Action item = Restate all of the entries exactly, each line as it stands.

Entries supplied =
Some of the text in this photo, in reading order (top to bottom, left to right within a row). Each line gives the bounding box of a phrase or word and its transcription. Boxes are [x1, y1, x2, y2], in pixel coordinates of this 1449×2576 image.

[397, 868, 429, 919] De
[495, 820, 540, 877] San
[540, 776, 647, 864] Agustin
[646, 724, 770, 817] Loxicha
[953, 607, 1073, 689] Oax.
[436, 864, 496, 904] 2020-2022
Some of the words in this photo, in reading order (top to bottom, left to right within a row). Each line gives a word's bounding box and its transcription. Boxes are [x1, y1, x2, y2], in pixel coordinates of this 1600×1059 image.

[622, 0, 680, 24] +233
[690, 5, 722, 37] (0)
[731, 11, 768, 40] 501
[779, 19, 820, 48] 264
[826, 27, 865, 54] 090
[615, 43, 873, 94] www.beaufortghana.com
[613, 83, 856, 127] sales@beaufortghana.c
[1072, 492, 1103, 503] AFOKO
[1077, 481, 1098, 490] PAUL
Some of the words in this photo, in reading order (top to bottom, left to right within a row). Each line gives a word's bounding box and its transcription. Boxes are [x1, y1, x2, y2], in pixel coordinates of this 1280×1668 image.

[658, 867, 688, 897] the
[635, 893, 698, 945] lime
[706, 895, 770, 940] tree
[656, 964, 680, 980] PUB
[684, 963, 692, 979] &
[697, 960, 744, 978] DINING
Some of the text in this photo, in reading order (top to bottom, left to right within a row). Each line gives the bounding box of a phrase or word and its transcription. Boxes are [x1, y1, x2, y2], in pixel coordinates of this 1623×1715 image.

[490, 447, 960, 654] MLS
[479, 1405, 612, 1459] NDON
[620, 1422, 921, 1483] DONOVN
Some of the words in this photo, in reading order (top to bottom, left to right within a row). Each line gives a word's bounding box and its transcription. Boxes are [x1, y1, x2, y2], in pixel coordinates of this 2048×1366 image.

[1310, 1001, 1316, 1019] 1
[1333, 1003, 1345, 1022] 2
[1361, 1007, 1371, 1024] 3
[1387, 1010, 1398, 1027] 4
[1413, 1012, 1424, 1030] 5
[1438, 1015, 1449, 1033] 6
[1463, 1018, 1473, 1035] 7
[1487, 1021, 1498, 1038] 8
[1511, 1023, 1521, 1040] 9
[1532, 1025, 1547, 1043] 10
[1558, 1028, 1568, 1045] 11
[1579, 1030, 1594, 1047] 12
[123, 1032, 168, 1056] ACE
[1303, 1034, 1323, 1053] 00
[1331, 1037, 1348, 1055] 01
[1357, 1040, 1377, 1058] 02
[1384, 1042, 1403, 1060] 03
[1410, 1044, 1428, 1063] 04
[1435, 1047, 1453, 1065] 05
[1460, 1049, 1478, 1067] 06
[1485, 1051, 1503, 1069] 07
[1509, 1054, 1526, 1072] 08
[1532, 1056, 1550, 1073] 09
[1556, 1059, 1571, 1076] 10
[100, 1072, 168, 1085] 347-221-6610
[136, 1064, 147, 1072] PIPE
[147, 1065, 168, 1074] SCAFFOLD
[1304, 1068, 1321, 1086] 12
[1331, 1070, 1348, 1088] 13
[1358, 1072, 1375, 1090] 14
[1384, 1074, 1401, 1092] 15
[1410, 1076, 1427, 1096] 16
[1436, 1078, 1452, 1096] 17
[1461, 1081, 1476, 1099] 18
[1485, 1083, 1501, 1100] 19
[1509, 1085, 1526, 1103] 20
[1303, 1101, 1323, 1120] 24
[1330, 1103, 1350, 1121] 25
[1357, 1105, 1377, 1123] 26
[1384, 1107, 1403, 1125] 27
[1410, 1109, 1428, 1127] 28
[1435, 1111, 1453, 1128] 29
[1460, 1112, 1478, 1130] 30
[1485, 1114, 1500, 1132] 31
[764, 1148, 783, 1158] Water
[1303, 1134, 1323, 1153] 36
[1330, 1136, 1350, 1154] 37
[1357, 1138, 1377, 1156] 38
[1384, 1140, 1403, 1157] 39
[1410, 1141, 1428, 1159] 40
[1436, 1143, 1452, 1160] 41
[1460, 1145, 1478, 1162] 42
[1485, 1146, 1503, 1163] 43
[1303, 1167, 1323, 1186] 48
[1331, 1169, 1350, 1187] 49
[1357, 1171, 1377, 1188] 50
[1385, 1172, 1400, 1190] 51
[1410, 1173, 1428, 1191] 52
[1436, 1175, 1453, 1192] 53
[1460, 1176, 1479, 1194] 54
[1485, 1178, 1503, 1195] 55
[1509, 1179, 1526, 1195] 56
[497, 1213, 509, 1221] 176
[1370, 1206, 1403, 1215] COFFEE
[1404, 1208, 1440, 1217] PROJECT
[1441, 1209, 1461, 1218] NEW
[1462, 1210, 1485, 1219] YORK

Answer below =
Some of the text in this photo, in reading order (top to bottom, left to right within a row). Each line gives the bounding box of a phrase or word and its transcription. Boxes are [x1, y1, x2, y2], in pixel coordinates of this 1449×2576 image.

[397, 868, 429, 919] De
[495, 820, 540, 877] San
[540, 776, 647, 864] Agustin
[646, 724, 770, 817] Loxicha
[953, 607, 1073, 689] Oax.
[436, 864, 496, 904] 2020-2022
Some of the words in this photo, in reading order (top to bottom, left to right within a row). Each line gives a word's bounding box and its transcription. Boxes are [x1, y1, x2, y2], in pixel coordinates of this 1600×1059 image.

[622, 0, 680, 24] +233
[690, 5, 722, 37] (0)
[731, 11, 768, 40] 501
[779, 19, 820, 48] 264
[826, 27, 865, 54] 090
[615, 43, 873, 94] www.beaufortghana.com
[613, 83, 856, 127] sales@beaufortghana.c
[1072, 492, 1103, 503] AFOKO
[1077, 481, 1098, 490] PAUL
Some of the words in this photo, in reading order (top to bottom, left to right within a row). Each line gives a word's bounding box and its transcription. Boxes are [x1, y1, x2, y2], in pixel coordinates of this 1280×1668 image.

[658, 867, 688, 897] the
[635, 893, 698, 945] lime
[706, 895, 770, 940] tree
[656, 964, 680, 980] PUB
[684, 963, 692, 979] &
[697, 960, 744, 978] DINING
Some of the text in this photo, in reading order (top to bottom, left to right within a row). Each line gives the bounding box of a phrase or word and its transcription. Boxes are [x1, y1, x2, y2], in pixel coordinates of this 1623×1715 image.

[490, 447, 960, 654] MLS
[479, 1405, 612, 1459] NDON
[620, 1422, 921, 1483] DONOVN
Some of the words in this photo, in reading order (top to bottom, left to right within a row). Each line gives a word's bounding box and its transcription. Boxes are [x1, y1, x2, y2], in pixel coordinates of this 2048×1366 image.

[1310, 1001, 1316, 1019] 1
[1333, 1003, 1345, 1022] 2
[1361, 1007, 1371, 1024] 3
[1387, 1010, 1398, 1027] 4
[1413, 1012, 1424, 1030] 5
[1438, 1015, 1449, 1033] 6
[1463, 1018, 1473, 1035] 7
[1487, 1021, 1498, 1038] 8
[1511, 1023, 1521, 1040] 9
[1532, 1025, 1547, 1043] 10
[1558, 1028, 1568, 1045] 11
[1579, 1030, 1594, 1047] 12
[123, 1032, 168, 1056] ACE
[1303, 1034, 1323, 1053] 00
[1331, 1037, 1348, 1055] 01
[1357, 1040, 1377, 1058] 02
[1384, 1042, 1403, 1060] 03
[1410, 1044, 1428, 1063] 04
[1435, 1047, 1453, 1065] 05
[1460, 1049, 1478, 1067] 06
[1485, 1051, 1503, 1069] 07
[1509, 1054, 1526, 1072] 08
[1532, 1056, 1550, 1073] 09
[1556, 1059, 1571, 1076] 10
[100, 1072, 168, 1085] 347-221-6610
[136, 1064, 147, 1072] PIPE
[147, 1065, 168, 1074] SCAFFOLD
[1304, 1068, 1321, 1086] 12
[1331, 1070, 1348, 1088] 13
[1358, 1072, 1375, 1090] 14
[1384, 1074, 1401, 1092] 15
[1410, 1076, 1427, 1096] 16
[1436, 1078, 1452, 1096] 17
[1461, 1081, 1476, 1099] 18
[1485, 1083, 1501, 1100] 19
[1509, 1085, 1526, 1103] 20
[1303, 1101, 1323, 1120] 24
[1330, 1103, 1350, 1121] 25
[1357, 1105, 1377, 1123] 26
[1384, 1107, 1403, 1125] 27
[1410, 1109, 1428, 1127] 28
[1435, 1111, 1453, 1128] 29
[1460, 1112, 1478, 1130] 30
[1485, 1114, 1500, 1132] 31
[764, 1148, 783, 1158] Water
[1303, 1134, 1323, 1153] 36
[1330, 1136, 1350, 1154] 37
[1357, 1138, 1377, 1156] 38
[1384, 1140, 1403, 1157] 39
[1410, 1141, 1428, 1159] 40
[1436, 1143, 1452, 1160] 41
[1460, 1145, 1478, 1162] 42
[1485, 1146, 1503, 1163] 43
[1303, 1167, 1323, 1186] 48
[1331, 1169, 1350, 1187] 49
[1357, 1171, 1377, 1188] 50
[1385, 1172, 1400, 1190] 51
[1410, 1173, 1428, 1191] 52
[1436, 1175, 1453, 1192] 53
[1460, 1176, 1479, 1194] 54
[1485, 1178, 1503, 1195] 55
[1509, 1179, 1526, 1195] 56
[497, 1213, 509, 1221] 176
[1370, 1206, 1403, 1215] COFFEE
[1404, 1208, 1440, 1217] PROJECT
[1441, 1209, 1461, 1218] NEW
[1462, 1210, 1485, 1219] YORK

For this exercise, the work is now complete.